A 15.0 kg box is released on a 30 degree incline and accelerates down the incline at .30 m/s^2. Find the firctiopn force impeding its motion. What is the coefficient of kinetic friction?

Homework Equations

simga F = ma
Force of friction = MU F_N

The Attempt at a Solution

SIGMA F_x = m a_x = F_g_x - F_fr_k = mg sin THETA - mg cos THETA MU

therefore

mg cos THETA MU = mg sin THETA - m a_x

I divided through by mass

g cos THETA MU = g sin THETA - a_x

I do not see what is wrong with this solution. This gave me 4.6 N. I'm suppose to get 69 N. I know that if I muliply 4.6 N by 15 (the mass that I canceled out) I get 69 N.

So apparently I don't know why I can not divide by the mass here and would like to know why...

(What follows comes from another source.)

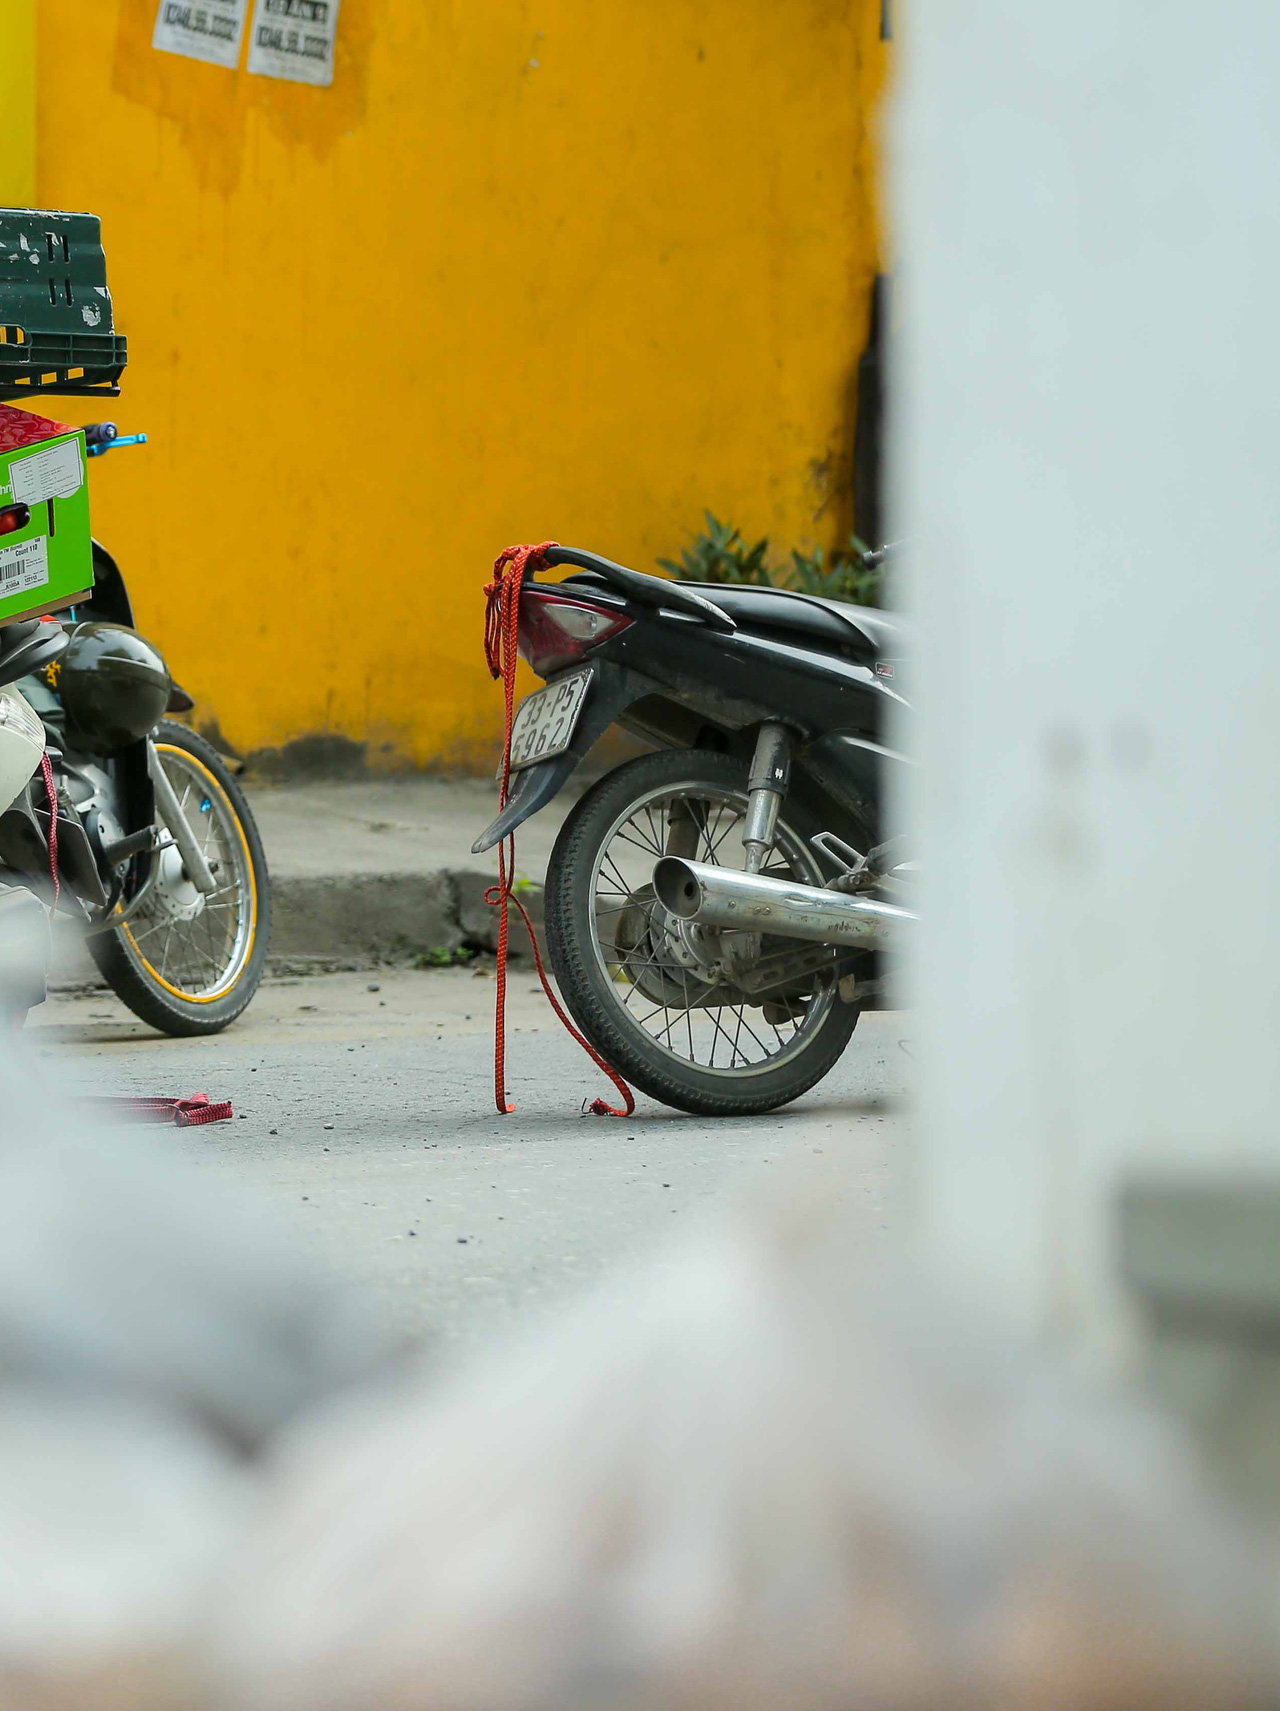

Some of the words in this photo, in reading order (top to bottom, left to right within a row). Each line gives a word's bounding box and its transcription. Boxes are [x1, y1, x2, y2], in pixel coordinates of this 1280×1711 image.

Surpisingly enough when I rearanged for Mu I did this and got the right answer according to the back of the book

F_fr_k = 4.6 N = g cos THETA MU

therefore

MU = 4.6 N/(g cos THETA)

this gave me the right answer of .54

THANKS!

Those are subscripts by the way

F_fr_k
is the force of kinetic friction

and the all capital letters are one varialbe and are greek letters thansk!

 

[Doc Al]

SIGMA F_x = m a_x = F_g_x - F_fr_k = mg sin THETA - mg cos THETA MU

therefore

mg cos THETA MU = mg sin THETA - m a_x

I divided through by mass

g cos THETA MU = g sin THETA - a_x

I do not see what is wrong with this solution. This gave me 4.6 N. I'm suppose to get 69 N. I know that if I muliply 4.6 N by 15 (the mass that I canceled out) I get 69 N.

So apparently I don't know why I can not divide by the mass here and would like to know why...

There's nothing wrong with dividing by the mass when you're solving for μ. But the first part of the question asks for the friction force, which is μmgcosθ, not μgcosθ.